Este segundo remake de Dragon Quest 7 adopta una estética inspirada en los Zelda modernos sin renunciar a su esencia de JRPG clásico. La historia se mantiene intacta: encarnamos a un joven héroe que, junto a sus amigos Kiefer y Maribel, descubre que su reino no es una sola isla, sino un vasto archipiélago perdido en el tiempo. A través de antiguas tablillas de piedra, el grupo viaja entre pasado y presente para reconstruir el mundo y enfrentarse al Rey Demonio. El argumento sigue los esquemas tradicionales del género, sin grandes sorpresas narrativas, pero logra sostenerse gracias al encanto de sus personajes y a la estructura episódica de cada isla.

El mayor cambio está en lo visual. Los personajes con diseño de Akira Toriyama ahora parecen figuras de diorama, y los escenarios recuerdan al estilo de Link’s Awakening. La exploración es libre dentro de áreas delimitadas, aunque el progreso sigue siendo lineal y depende de ir desbloqueando nuevas islas mediante las tablillas. Este sistema refuerza la sensación de viaje en el tiempo, ya que cada zona salvada en el pasado reaparece en el presente con consecuencias visibles.

En cuanto al ritmo, el juego mejora notablemente respecto al original. La introducción de personajes y mecánicas es más rápida y se han recortado secciones excesivamente lentas. Sin embargo, el reciclaje de modelos de NPC resulta evidente: muchos personajes comparten el mismo aspecto y diálogos, lo que resta variedad y personalidad a las distintas regiones. También se echa en falta que los cambios de equipamiento se reflejen visualmente más allá de las armas.

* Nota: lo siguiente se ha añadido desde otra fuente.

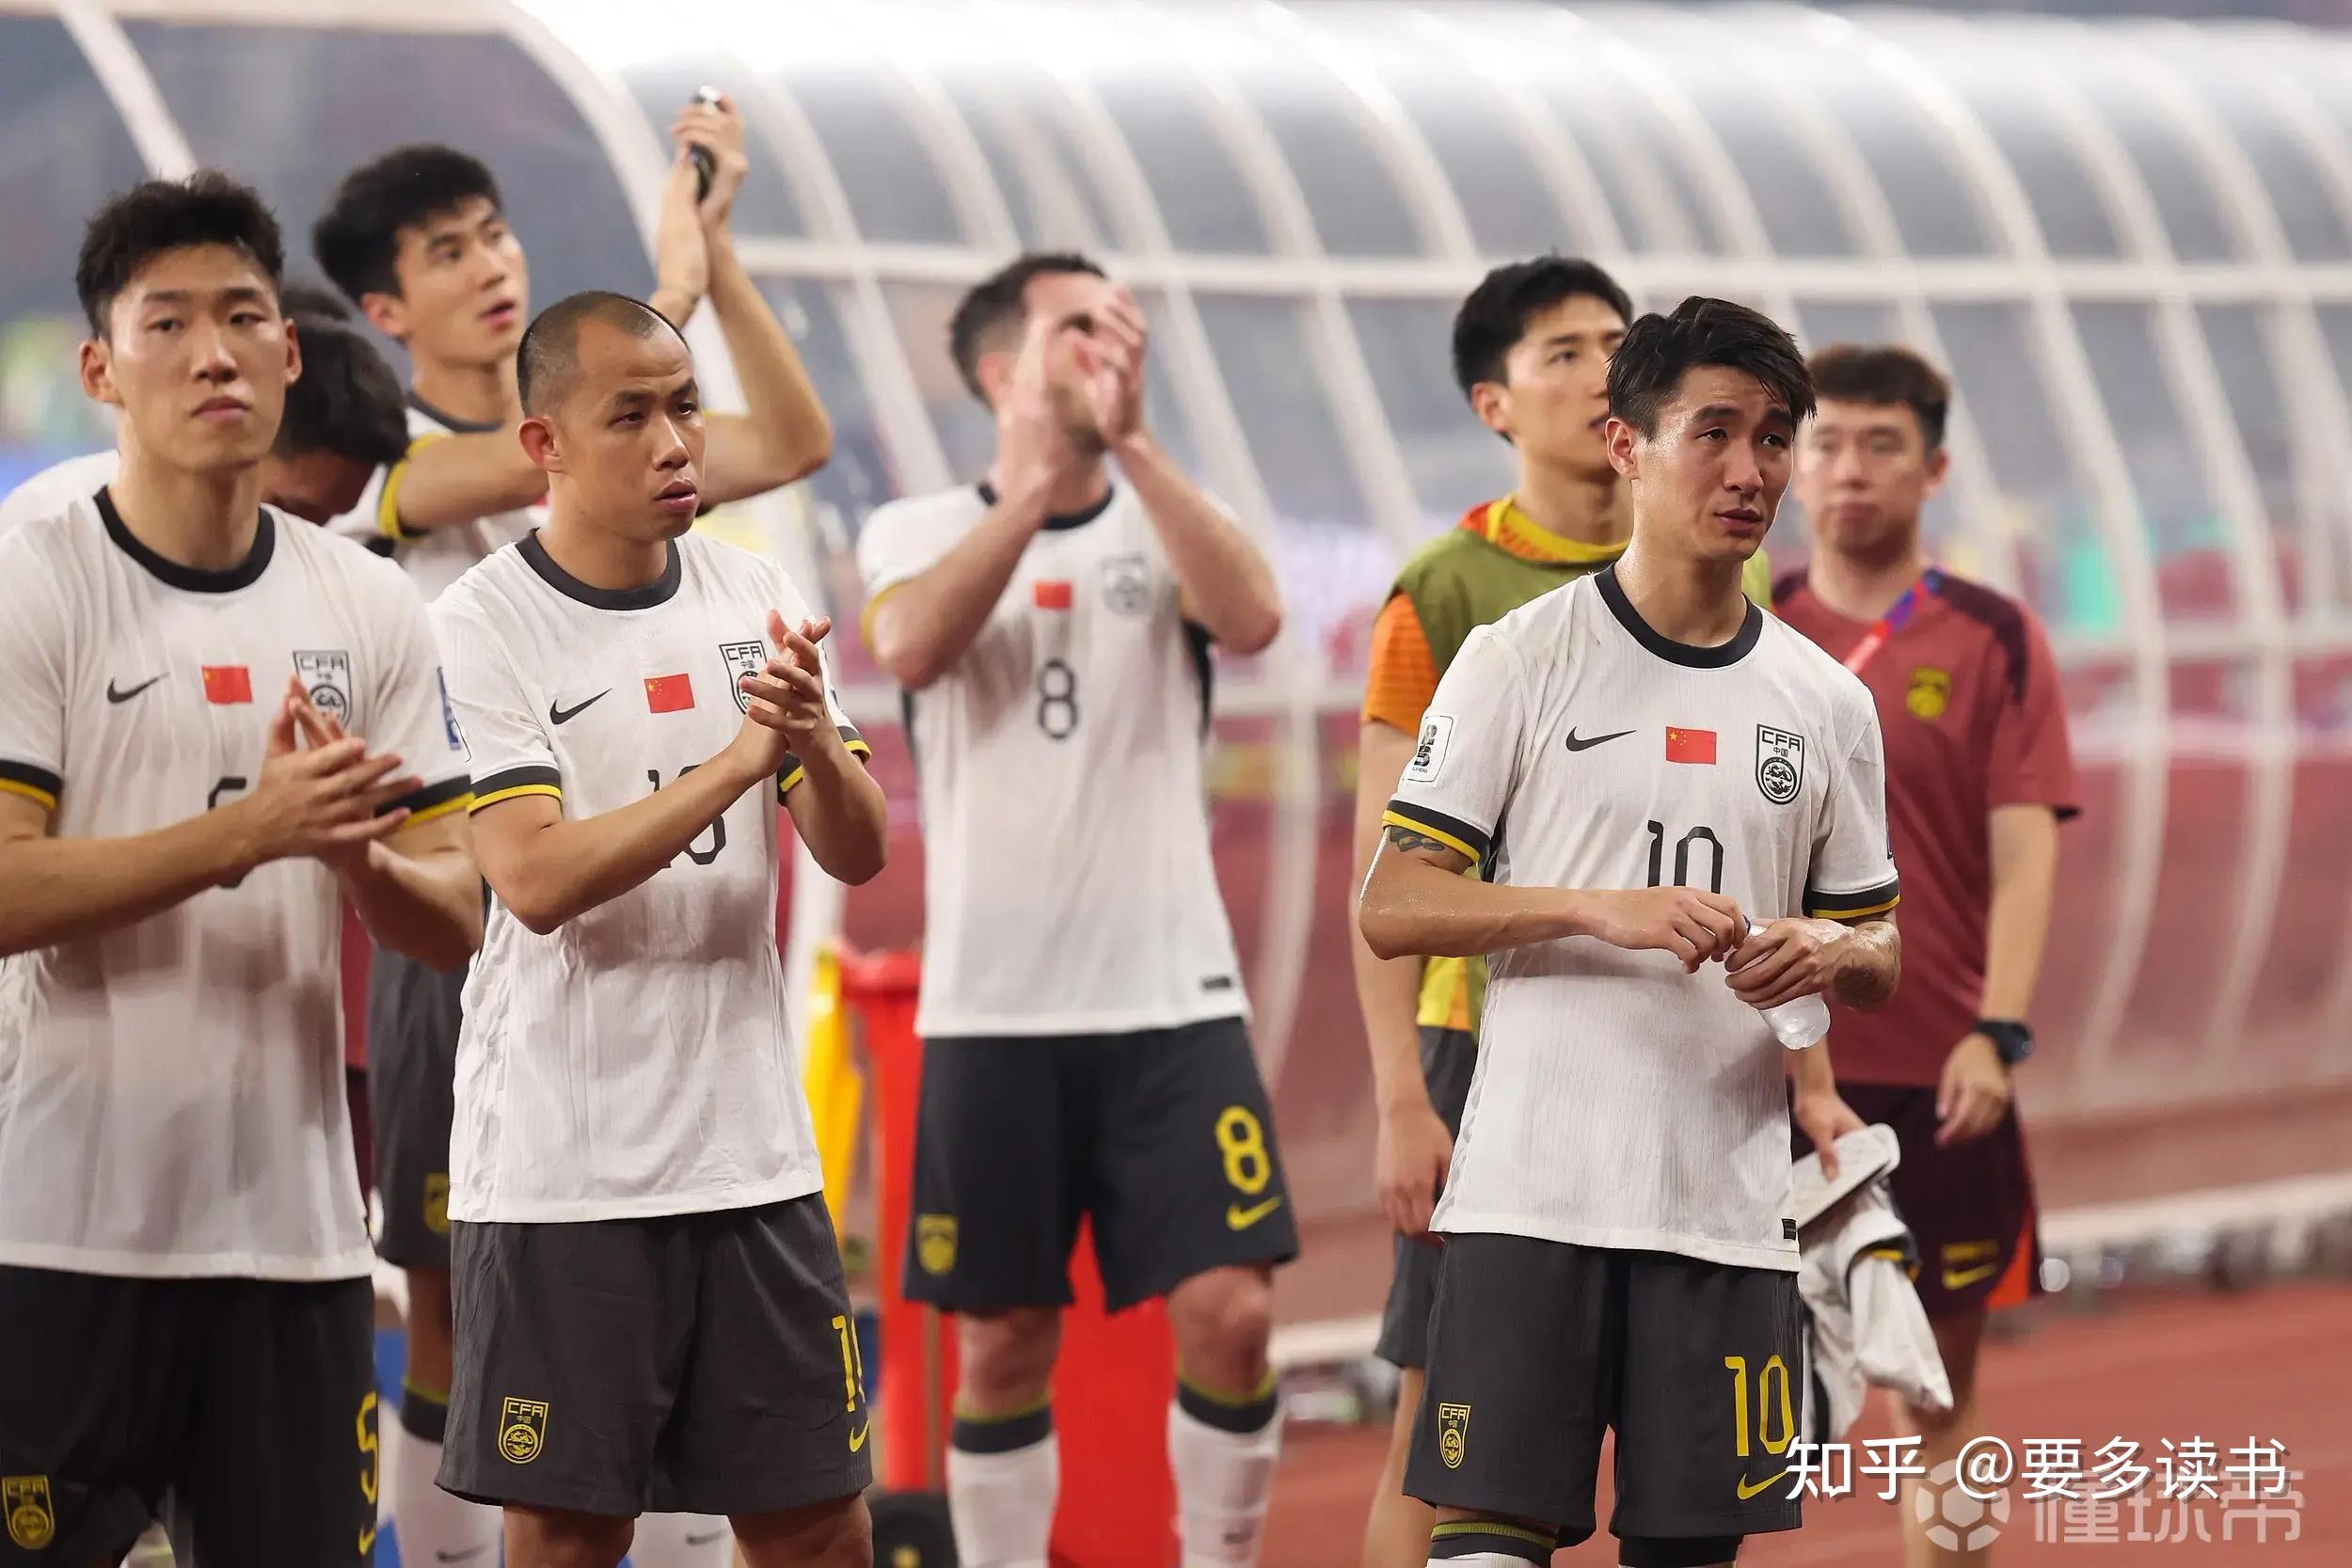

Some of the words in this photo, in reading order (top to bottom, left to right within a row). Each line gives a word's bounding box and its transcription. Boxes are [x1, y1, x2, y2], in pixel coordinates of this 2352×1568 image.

[725, 645, 762, 660] CFA
[1036, 658, 1078, 739] 8
[1761, 729, 1801, 752] CFA
[1772, 746, 1788, 758] 中国
[1647, 819, 1724, 895] 10
[1216, 1106, 1271, 1195] 8
[508, 1402, 544, 1418] CFA
[1441, 1407, 1467, 1421] CFA
[1724, 1354, 1794, 1457] 10
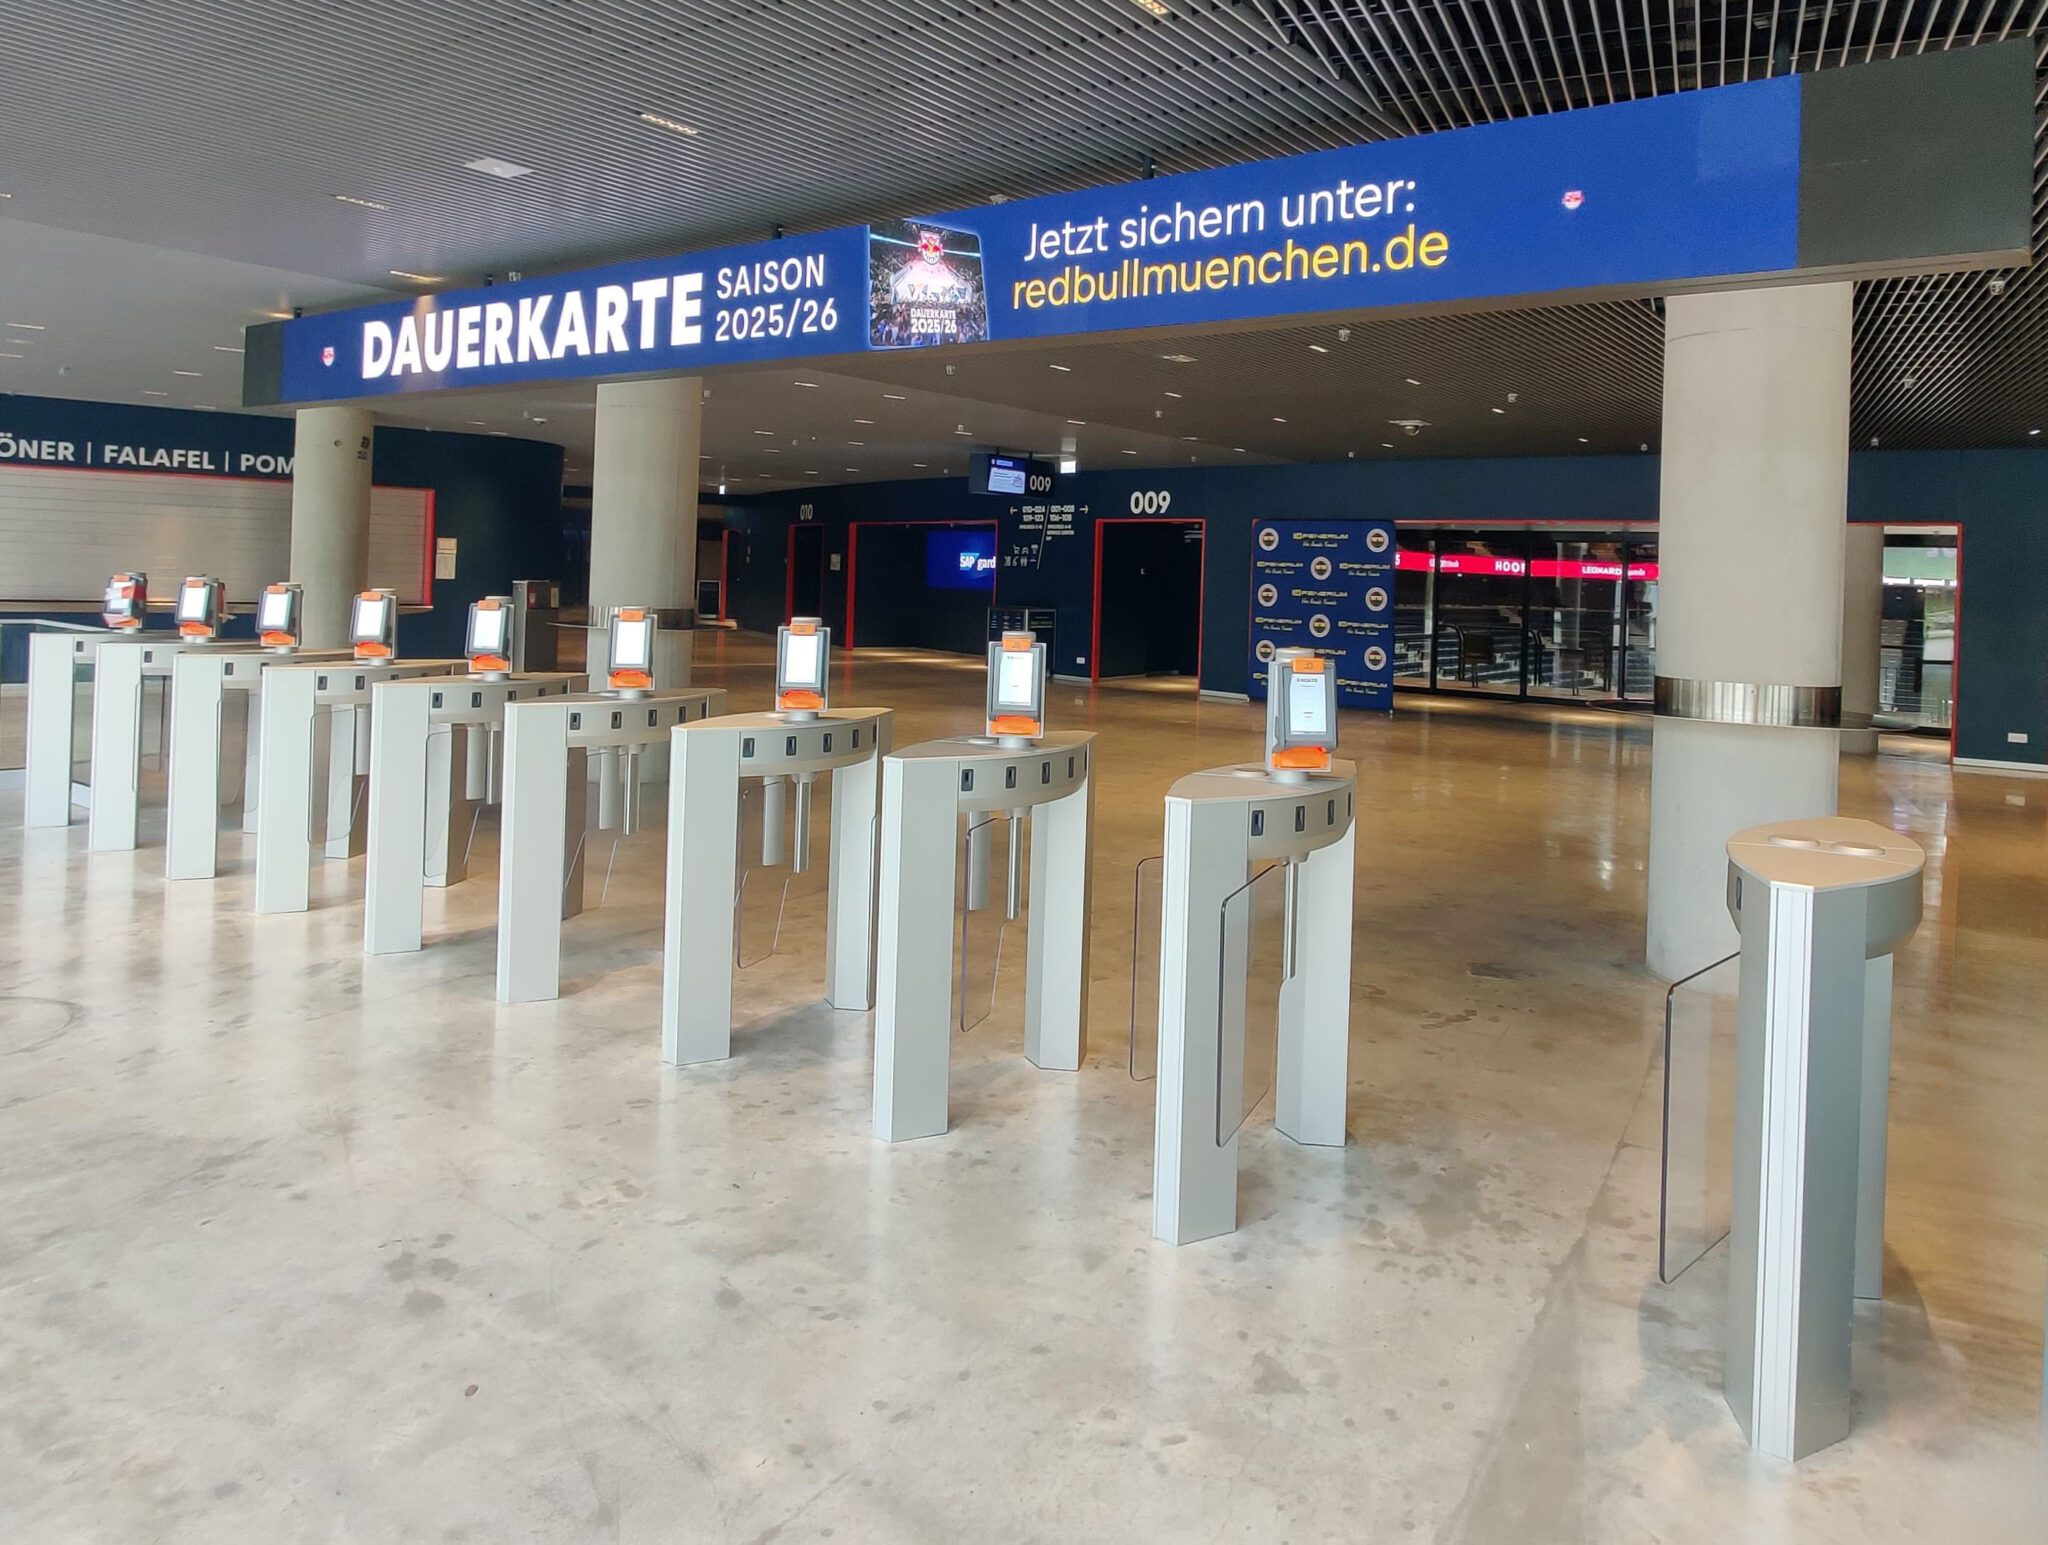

El sistema de combate conserva su estructura clásica por turnos, pero introduce mejoras importantes con el sistema de Vocaciones dobles, que permite combinar profesiones y habilidades, ampliando las opciones estratégicas. Esto incentiva la experimentación con distintas configuraciones del grupo. No obstante, el equilibrio no es perfecto: algunas habilidades y objetos demasiado poderosos se obtienen muy pronto, lo que reduce el desafío durante buena parte de la aventura.

Los encuentros con enemigos ahora son visibles en el mapa y pueden evitarse o iniciarse manualmente. Además, si el nivel del grupo es superior, ciertos rivales pueden eliminarse directamente sin entrar en combate, lo que agiliza la progresión y facilita el farmeo de experiencia y recursos. Esta decisión hace al juego más accesible, aunque también puede volverlo demasiado indulgente para jugadores veteranos.
En duración, el remake es considerablemente más corto que el original, rondando las 60 horas para una experiencia casi completa, frente a las más de 100 que podía alcanzar la versión clásica. Aun así, la repetición y cierta monotonía aparecen tras varias decenas de horas, ya que la estructura narrativa se mantiene muy fiel a los JRPG de los años 80 y 90. El contenido extra, como tablillas especiales, zonas secretas y combates avanzados en la arena, ofrece un incentivo adicional para quienes buscan un reto mayor.
The Review
Dragon Quest 7 Reimagined
Dragon Quest 7 Reimagined es una versión más accesible y estilizada de un JRPG profundamente tradicional. Mejora el ritmo y moderniza su presentación, pero no rompe con las bases de la saga. Es una propuesta ideal para los fans de siempre y para quienes disfrutan de los juegos de rol clásicos, aunque difícilmente convencerá a quienes nunca han conectado con la estructura conservadora de la serie.